Believe it or not, you will be much better off once you know. If he is straight, I'm sure it will hurt pretty bad when he confirms it, but it is much better than the hurt you will feel for years if you don't get it out in the open.
 
I don't think the taking a break thing will work, it might, but it didn't for me. I went 6 months with no contact whatsoever and nothing changed. In fact, it just got worse.

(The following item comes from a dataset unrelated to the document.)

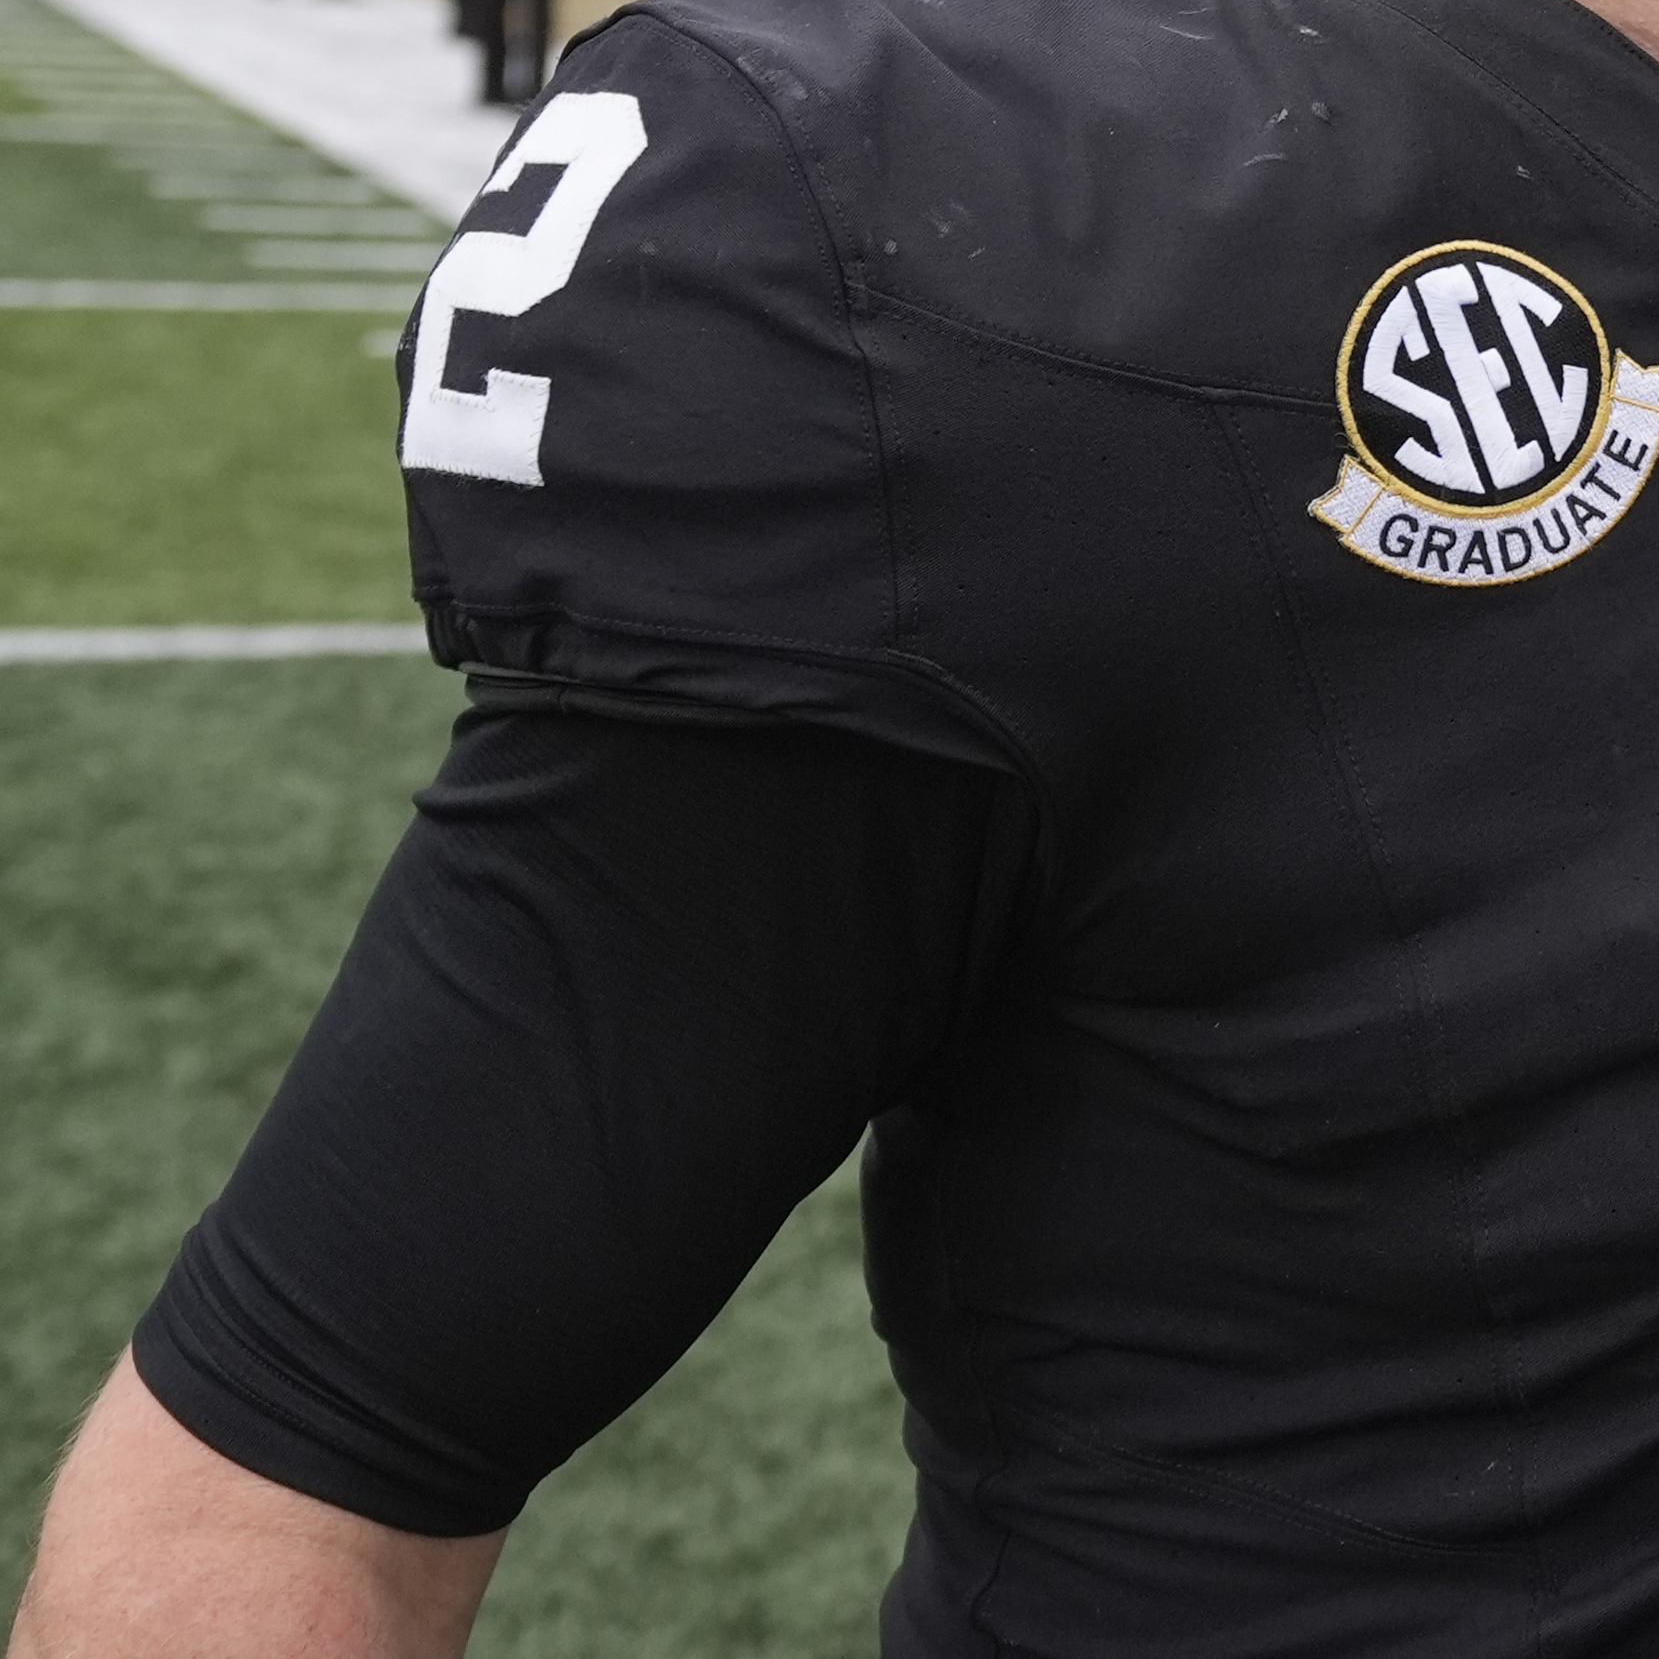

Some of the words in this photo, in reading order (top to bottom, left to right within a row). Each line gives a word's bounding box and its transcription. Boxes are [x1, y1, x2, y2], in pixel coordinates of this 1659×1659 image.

What did it for me was when he in a conversation one night told me that it was never, ever going to happen. I knew it before then, but it had never been stated that clearly. Things got better after that night. It was not a good night, in fact it was a miserable night when it all clicked. But I needed to know.
 
As for secondmonkey's quandary. Yeah, I'd tell him that you're gay. Then you'll figure out if he is or not. And that will help bring closure<--what you really need right now.
 
Been there, done that mate - or at least half that, I never told that guy I was into him THAT way, thou I think he suspected so.

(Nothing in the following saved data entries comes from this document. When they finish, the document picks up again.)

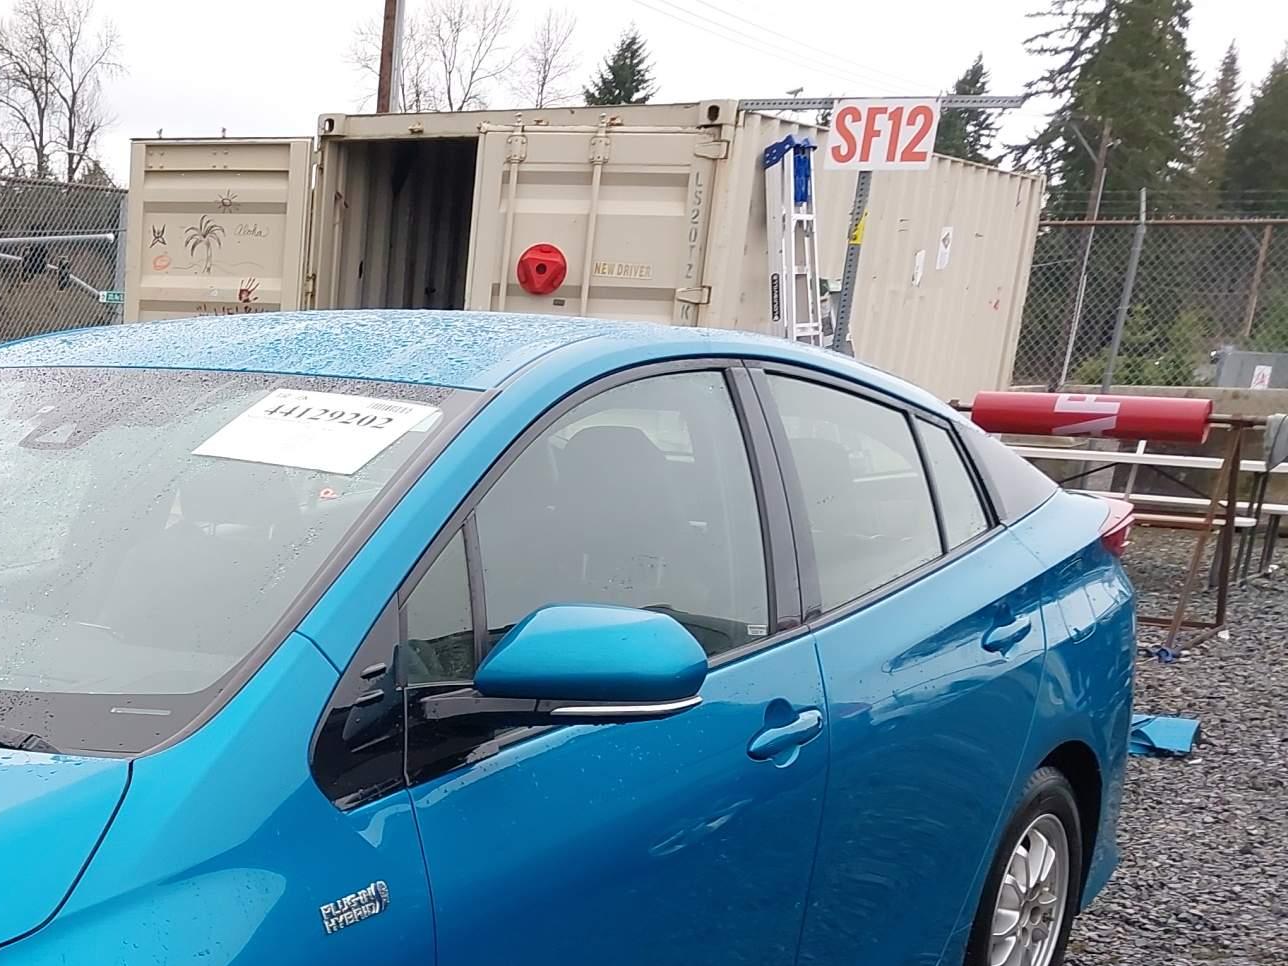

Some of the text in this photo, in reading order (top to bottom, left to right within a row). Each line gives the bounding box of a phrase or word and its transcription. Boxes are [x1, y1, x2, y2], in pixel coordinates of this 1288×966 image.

[831, 105, 934, 163] SF12
[594, 261, 652, 278] NEW DRIVER
[264, 403, 394, 429] 44129202
[323, 901, 380, 934] HYBRID
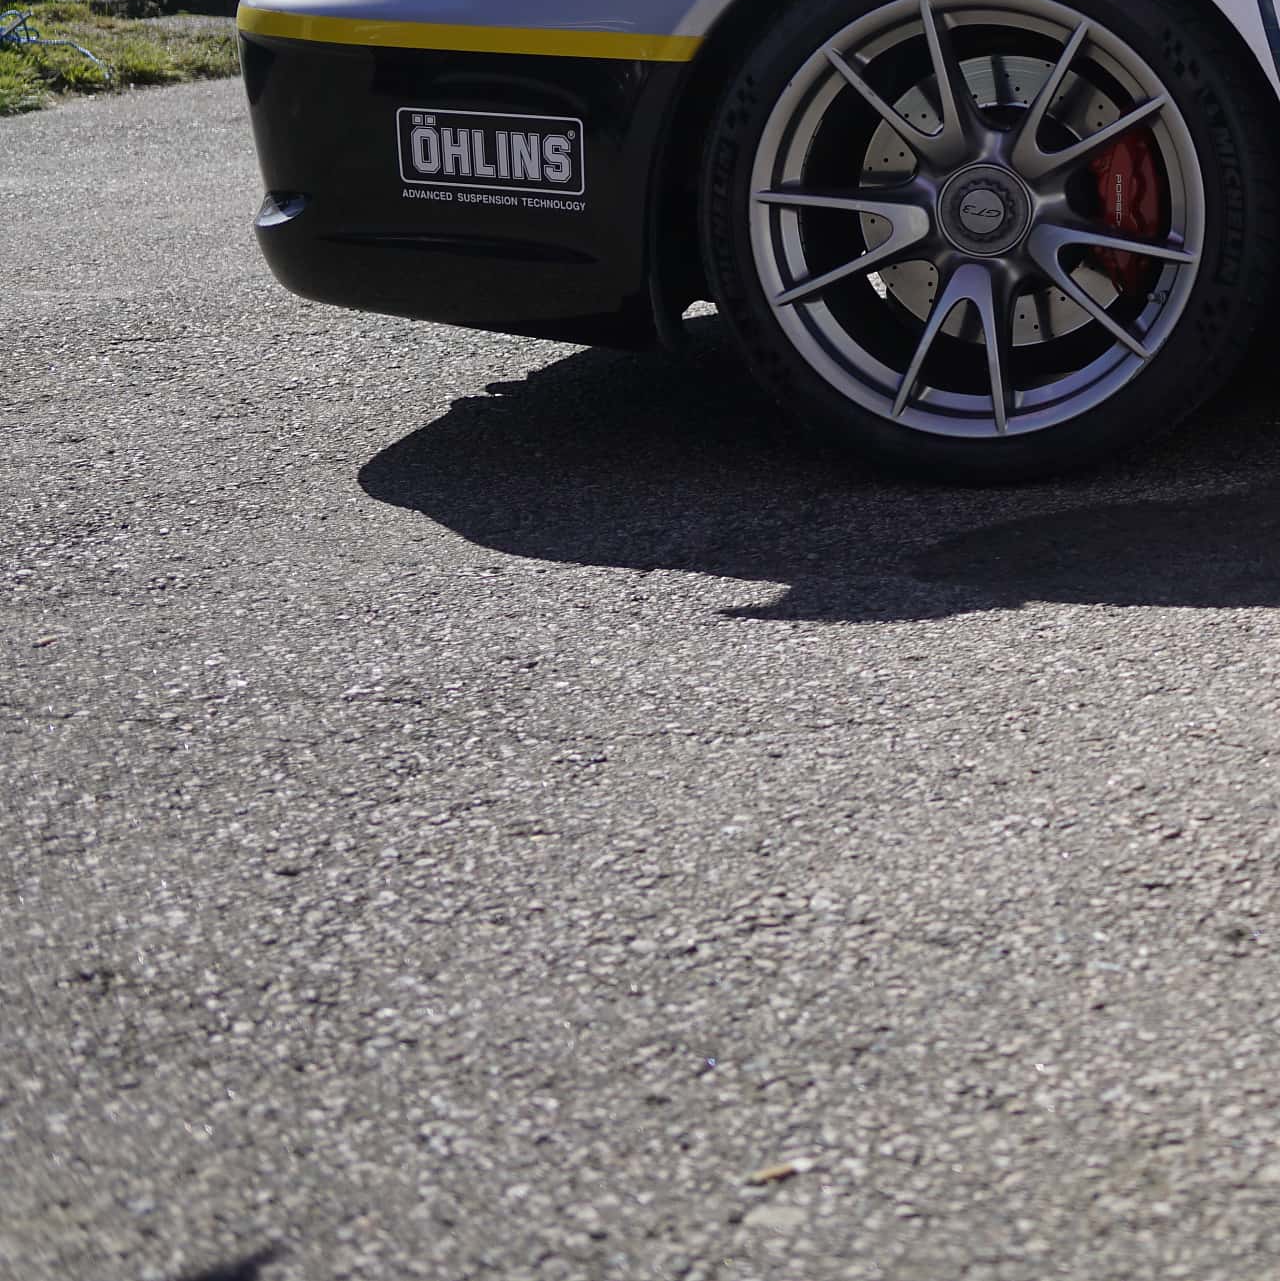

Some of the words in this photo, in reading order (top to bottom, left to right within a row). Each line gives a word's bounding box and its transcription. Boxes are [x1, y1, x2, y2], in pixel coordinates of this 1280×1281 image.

[410, 114, 573, 184] ÖHLINS
[402, 189, 452, 201] ADVANCED
[457, 193, 518, 206] SUSPENSION
[522, 197, 586, 211] TECHNOLOGY
[962, 205, 1001, 218] GT3

My advice? same as everyone's: Stay away for a couple months. I know its hard, so find something to do in the meantime, start doing new things, meet new people, anything to keep your mind occupied. In my case it was having a crush and then a short relationship <that OMG didnt work atall> with someone else what helped me get off this guy, and til today I still am proud I got into that short relationship, not because it was great, but because it helped me get out of a void I had been caught into for almost two years by then. I stopped talking to him or trying to contact him so often during about three months, we retook sorta regular contact last december. Our relationship now? great. We laugh together, we joke and we pretty much are close again, infact it all has made me remember why I fell so badly for him in the first place, thou this time I have a new rule: Not falling for him again. I like him, he's my great friend, better leaving it there since I know that anything else I try to be he just won't reciprocate and I'llget sucked on the void again. Hope it helps you =)
 
I'm gonna go the other way here in advice. Figure out why you fell for someone you obviously can't have. I have never fallen for a straight guy (other than lust) cause I know he's straight and it's self destructive. Why do gay men do this over and over?I just don't get the lack of self respect.I see this same post on these threads time and time again. You're just glutton for punishment!it's torture! It's like when 14 year old girls cut themselves! they enjoy the pain and misery and attention in some cases. This guy will soon feel you are stalking him and you will feel even worse about yourself cause you can't stop.I wish some gay men would smarten up! There is a huge world of gay men out there. Join that world and leave this straight guy to his world.
 
i dont know,maybe the others are right but i wouldnt leave him!
if you love him so,then stay close to him,first of akk you never now maybe he is gay too and is hiding it,but even if he is not.
i'd tell you to stay close to him and maybe tell him you are gay.
good luck.
 
My case is almost exactly the same as yours except that my best friend knows that i'm gay.

Like most members here said, taking a break from him is quite effective.
My friend i currently still in another country to further his study but for me, i've went back to my hometown. We kinda lost contact for a while now so it really helps me lose interest in him. Even during the time when i'm over there in the same uni as him, i seldom hang out with him as his best friend is always hanging by his side all the time (not that i'm jealous of his best friend but he's just too annoying and inconsiderate).

Well, best of luck to you with your problem and hope you find someone soon.